(Work required): Print the data exactly as written, line for line, and leave its pictures behind.

(Entries shown):
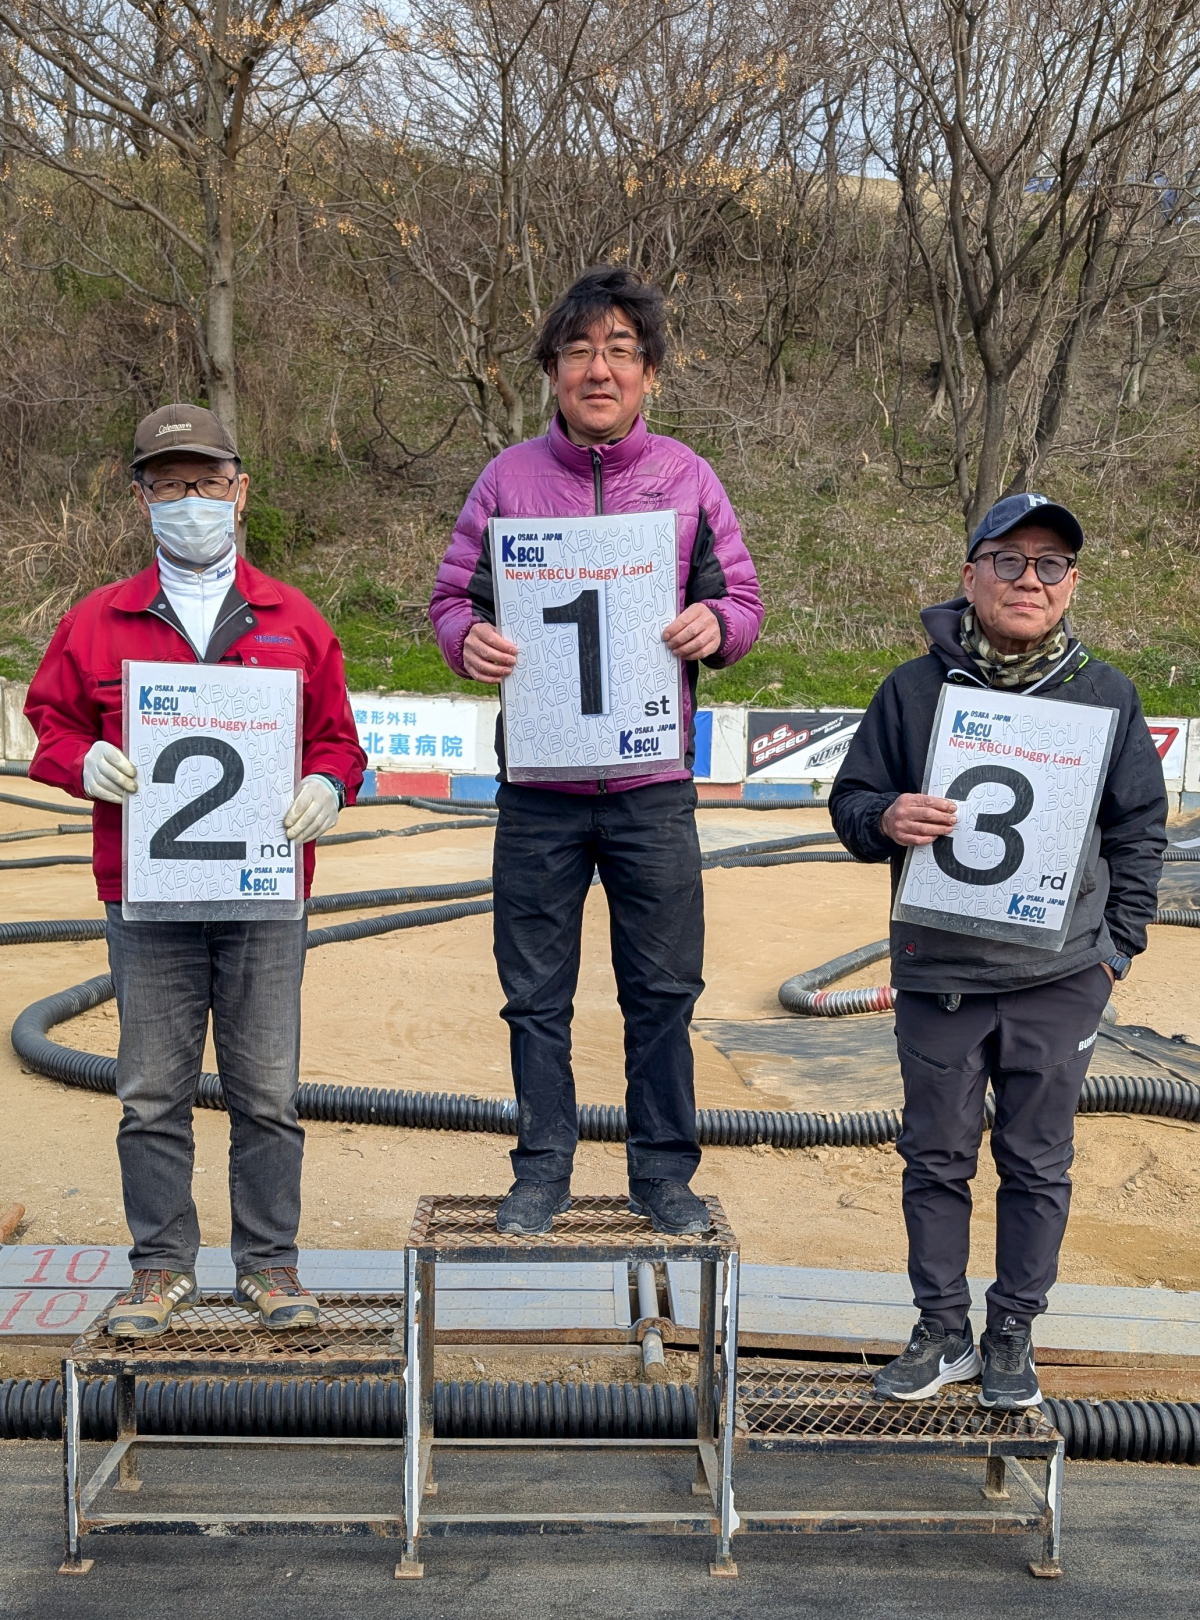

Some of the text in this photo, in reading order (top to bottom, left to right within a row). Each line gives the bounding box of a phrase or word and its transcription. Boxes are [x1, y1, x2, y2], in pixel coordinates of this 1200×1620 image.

[501, 535, 544, 563] KBCU
[517, 533, 562, 541] OSAKA JAPAN
[505, 561, 653, 581] New KBCU Buggy Land
[542, 589, 602, 715] 1
[139, 686, 179, 711] KBCU
[644, 695, 670, 717] st
[141, 715, 278, 731] New KBCU Buggy Land
[354, 709, 417, 726] 整形外科
[952, 710, 992, 738] KBCU
[971, 710, 1011, 722] OSAKA JAPAN
[634, 724, 676, 735] OSAKA JAPAN
[362, 732, 463, 758] 北裏病院
[619, 730, 659, 756] KBCU
[754, 734, 808, 764] SPEED
[948, 737, 976, 750] New
[978, 741, 1012, 755] KBCU
[1014, 747, 1050, 763] Buggy
[1053, 753, 1081, 766] Land
[149, 735, 247, 861] 2
[932, 764, 1034, 886] 3
[260, 839, 292, 858] nd
[240, 869, 277, 892] KBCU
[1039, 872, 1067, 891] rd
[1007, 894, 1046, 919] KBCU
[1026, 895, 1066, 906] OSAKA JAPAN
[23, 1248, 111, 1284] 10
[0, 1290, 89, 1330] 10
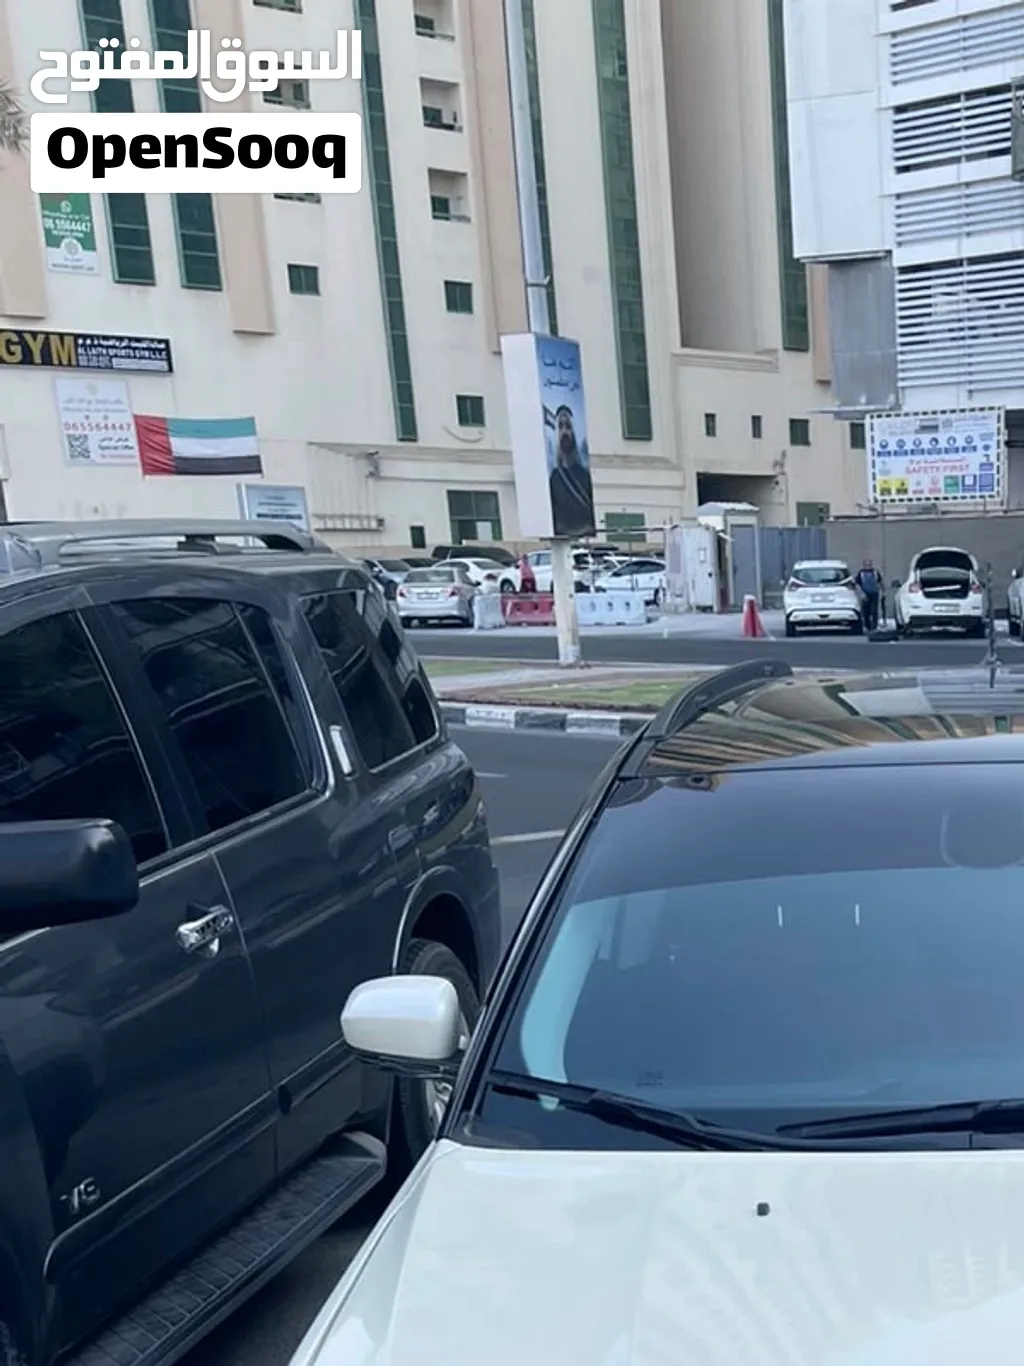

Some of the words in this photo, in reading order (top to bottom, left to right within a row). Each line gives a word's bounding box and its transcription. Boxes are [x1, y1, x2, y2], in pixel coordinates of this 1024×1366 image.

(Final answer):
Some of the text in this photo, in reading order (top to bottom, left to right within a row). Each line gives the bounding box of a phrase or word and its transcription. Boxes are [x1, y1, x2, y2], in pixel coordinates of this 1200×1620 image.

[501, 535, 544, 563] KBCU
[517, 533, 562, 541] OSAKA JAPAN
[505, 561, 653, 581] New KBCU Buggy Land
[542, 589, 602, 715] 1
[139, 686, 179, 711] KBCU
[644, 695, 670, 717] st
[141, 715, 278, 731] New KBCU Buggy Land
[354, 709, 417, 726] 整形外科
[952, 710, 992, 738] KBCU
[971, 710, 1011, 722] OSAKA JAPAN
[634, 724, 676, 735] OSAKA JAPAN
[362, 732, 463, 758] 北裏病院
[619, 730, 659, 756] KBCU
[754, 734, 808, 764] SPEED
[948, 737, 976, 750] New
[978, 741, 1012, 755] KBCU
[1014, 747, 1050, 763] Buggy
[1053, 753, 1081, 766] Land
[149, 735, 247, 861] 2
[932, 764, 1034, 886] 3
[260, 839, 292, 858] nd
[240, 869, 277, 892] KBCU
[1039, 872, 1067, 891] rd
[1007, 894, 1046, 919] KBCU
[1026, 895, 1066, 906] OSAKA JAPAN
[23, 1248, 111, 1284] 10
[0, 1290, 89, 1330] 10

Some of the words in this photo, in reading order (top to bottom, left to right within a row). Each line gives a word's bounding box and its transcription. Boxes are [x1, y1, x2, y2], in pixel coordinates of this 1024×1366 image.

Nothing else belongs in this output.